_Exercise instructions_
Could you output the listing that follows exactly, without its images?

_Information given_
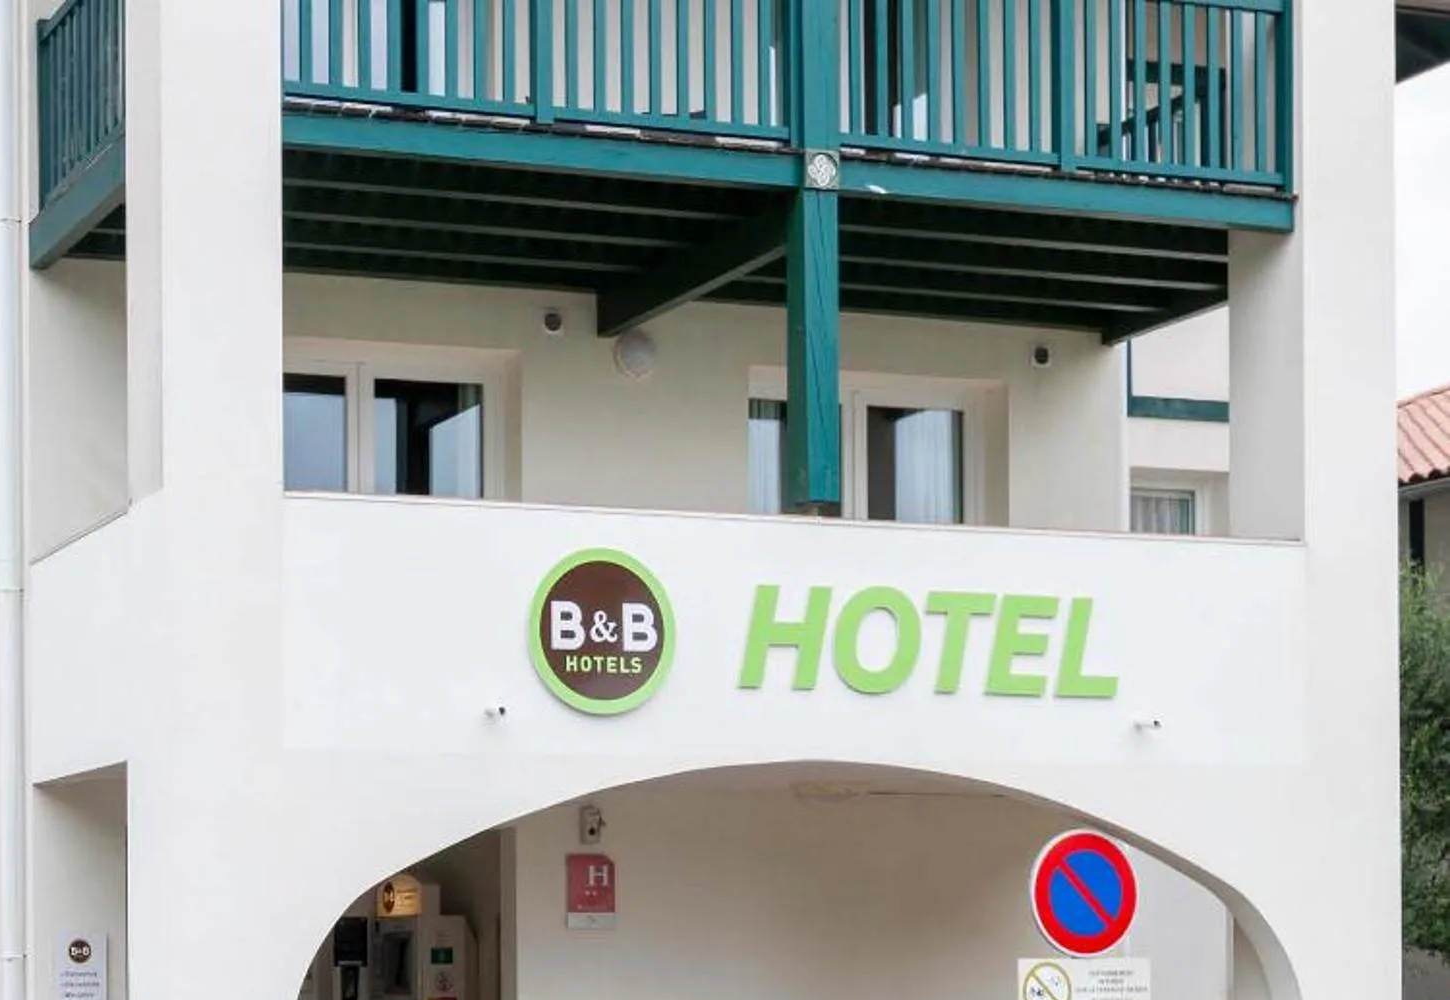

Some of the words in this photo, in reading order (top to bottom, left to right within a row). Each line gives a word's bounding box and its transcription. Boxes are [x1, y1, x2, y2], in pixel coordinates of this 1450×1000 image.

[550, 600, 658, 652] B&B
[737, 584, 1119, 699] HOTEL
[565, 655, 643, 674] HOTELS
[588, 864, 608, 886] H

_Expected answer_
Some of the words in this photo, in reading order (top to bottom, left to right within a row). Each line gives a word's bounding box and its transcription. Boxes are [x1, y1, x2, y2], in pixel coordinates of this 1450×1000 image.

[550, 600, 658, 652] B&B
[737, 584, 1119, 699] HOTEL
[565, 655, 643, 674] HOTELS
[588, 864, 608, 886] H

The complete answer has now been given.